Rapunzel’s first bean tests from Serendipalm’s farmers were encouraging: their quality was quite good, if a bit under-fermented. With Rapunzel as an interested customer, we gave it a try, recruited the first one hundred cocoa fields into our Organic Internal Control System in 2013, and started farmers on their conversion to organic production and certification. Serendipalm’s cocoa adventure had begun!
Unsurprisingly, farmers cannot overnight correct their planting and maintenance mistakes in order to reduce pest pressure. We had to offer a backup solution in case of an infestation. Fortunately, Cocobod began noticing organic cocoa as a novel export market and supplied to each farmer one free application of pyrethrum—a pesticide extracted from the flowers of the chrysanthemum daisy—with most formulations accepted by organic rules. The quick “bug knock-out” action of the pyrethrum pleased farmers but, again, did not address the root cause of pest attacks: monocropping, dense planting, poor ventilation, and trees weakened by poor maintenance.
Our two-pronged approach was to first develop a low-cost organic pesticide option for farmers to avoid yield losses by insects. Rob Hardy and Serendipalm’s quality control manager Dickson Wenyonu studied the literature, trialed and produced a neem oil and soap concoction that has been somewhat effective in reducing mirid populations. To promote better pruning, we purchased quality saws, as the Ghanian farmer’s beloved machete mutilates trees and branches.
The first three years of converting cocoa farmers were rough.
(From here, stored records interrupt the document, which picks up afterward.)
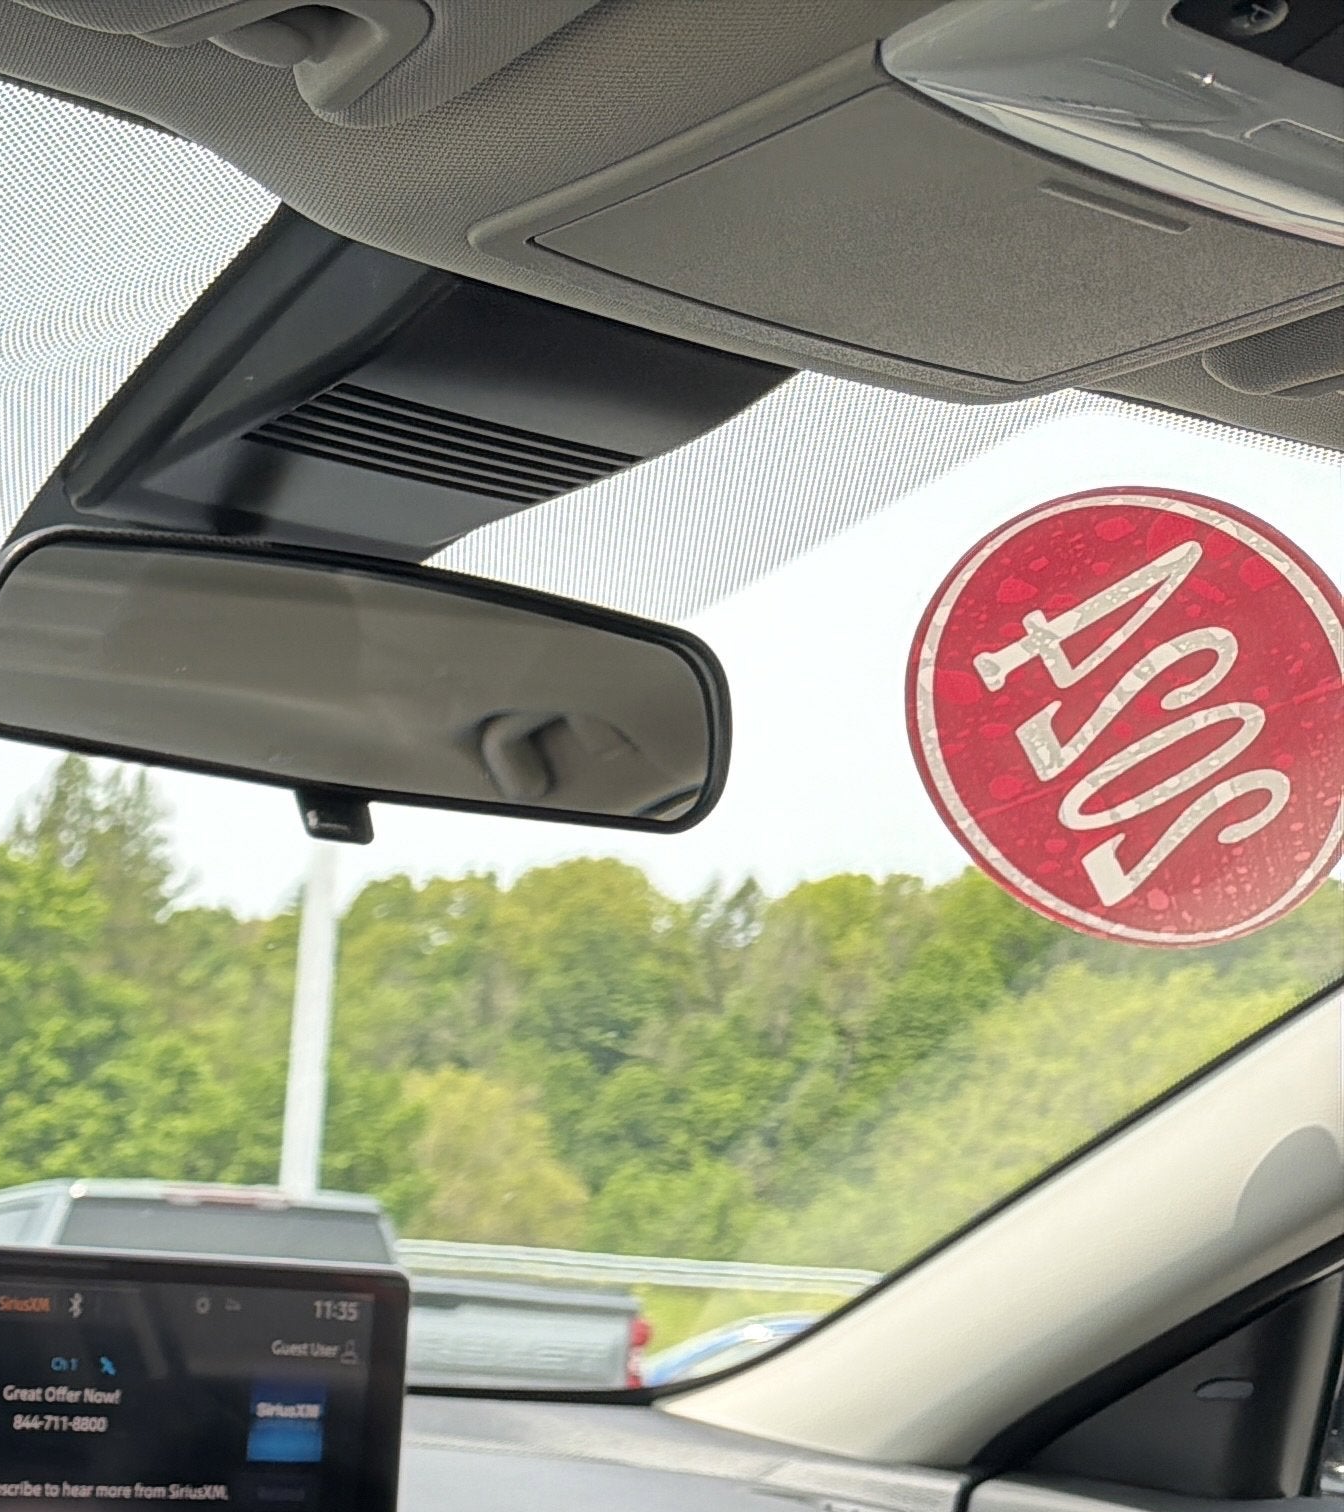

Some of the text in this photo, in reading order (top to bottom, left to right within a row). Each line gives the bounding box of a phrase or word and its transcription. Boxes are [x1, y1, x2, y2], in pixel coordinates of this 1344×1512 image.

[313, 1300, 359, 1322] 11:35
[271, 1339, 341, 1359] Guest User
[2, 1385, 122, 1404] Great Offer Now!
[13, 1414, 108, 1432] 844-711-8800
[44, 1483, 60, 1498] to
[62, 1482, 94, 1498] hear
[96, 1485, 132, 1499] more
[134, 1483, 167, 1499] from
We kept recruiting new farmers, but at least half were afraid of pest-induced losses and ultimately returned to spraying prohibited chemicals; we had to reset the clock on their conversion, or they left the ICS on their own.
Farmers in conversion to organic status also have no economic incentive. The USDA’s NOP doesn’t recognize “in conversion” status. Even in the EU, which does, virtually all buyers, including Rapunzel, want the organic seal. Organic brands may realize the importance of supporting conversion farmers, but their customers generally don’t. Thus, farmers in conversion face all its challenges without financial reward. How motivating is that?
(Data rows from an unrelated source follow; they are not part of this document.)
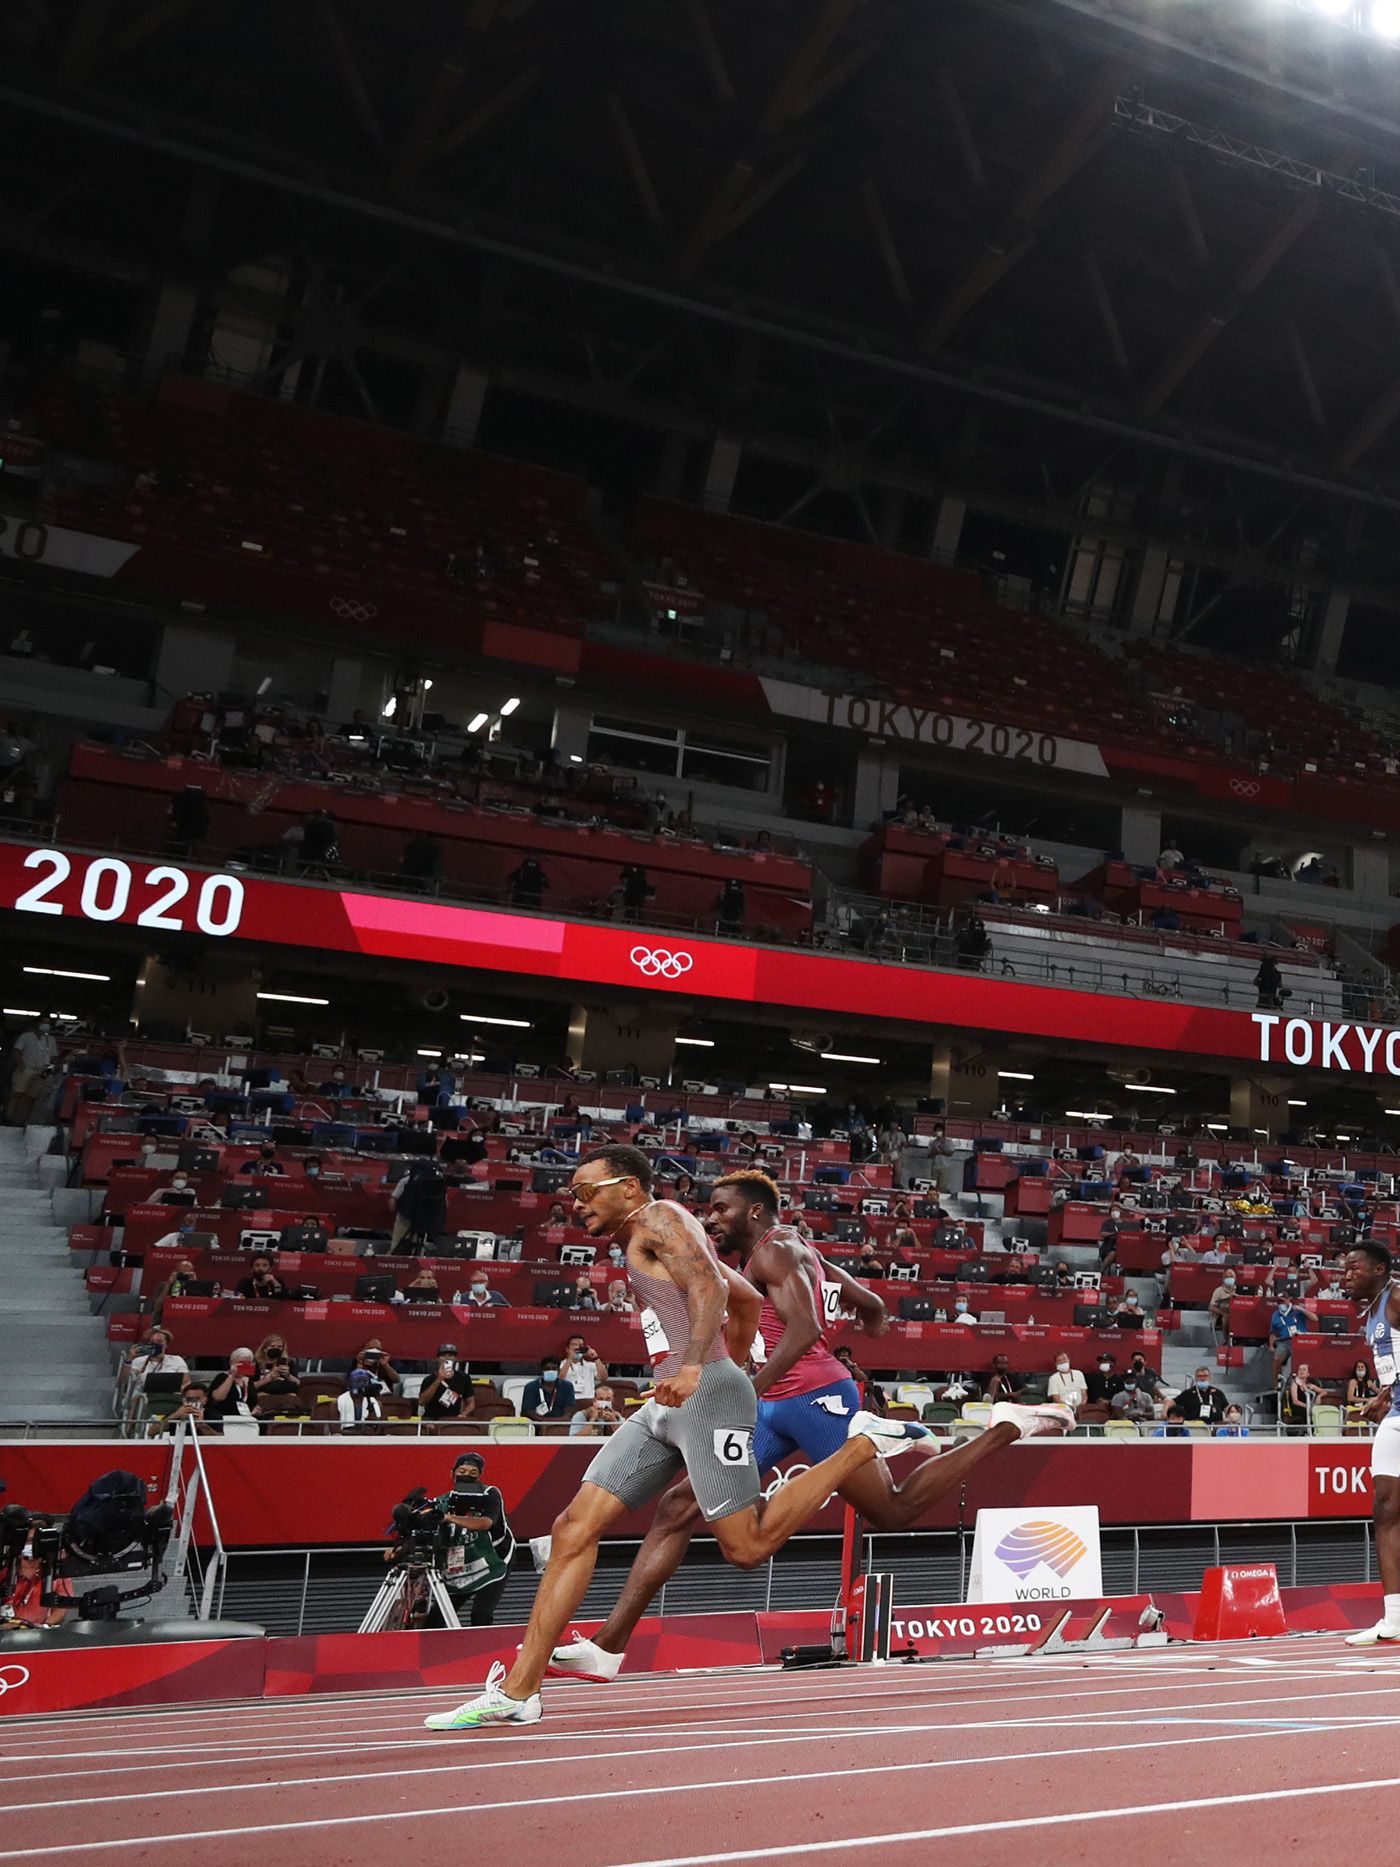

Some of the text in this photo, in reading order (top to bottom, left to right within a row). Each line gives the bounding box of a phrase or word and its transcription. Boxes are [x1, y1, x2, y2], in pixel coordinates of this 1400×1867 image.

[821, 693, 1058, 767] TOKYO 2020
[15, 849, 245, 937] 2020
[723, 1433, 742, 1461] 6
[1315, 1467, 1371, 1494] TOK
[1239, 1569, 1269, 1578] OMEGA
[1016, 1586, 1071, 1600] WORLD
[891, 1613, 1041, 1640] TOKYO 2020
Serendipalm ameliorated the situation by paying for certification expenses and the means of conversion, such as organically approved natural pesticides like pyrethrum and blends of neem oil and soap. Thanks to our field officers’ tenacity, we had, by 2016, the first one hundred certified-organic cocoa farmers. And we had interested customers, notably Rapunzel and Theo’s, a young U.S. chocolate brand committed to organic and fair production.
When we were first getting started, we hadn’t thought much about bean quality. Commodity milk chocolate is sweet, and bean flavor plays a minor role, as long as the beans are not moldy. But how to ensure that beans for the increasingly popular high-cocoa content products have a satisfying and consistent flavor?
As we started bringing more farmers on board, we invited Theo’s founder, Joe Whinney, and Stephen Hubbes from Rapunzel’s product development for a cocoa quality workshop in Asuom. They opened our team’s and farmers’ eyes to the complexity of quality and flavor control. Visual assessment of bean quality involves a “guillotine” that cuts batches of fifty beans in half. One then “reads” them to determine the percentages of well-, over- and under-fermented beans as well as moldy and wormy beans. Very insightful but requires much training.
By late 2017, we had found a local licensed buying company we could trust to preserve the identity of our beans and the right importer to verify it upon arrival in Rotterdam. Our first shipment of organic and fair beans to Rapunzel was ready to ship!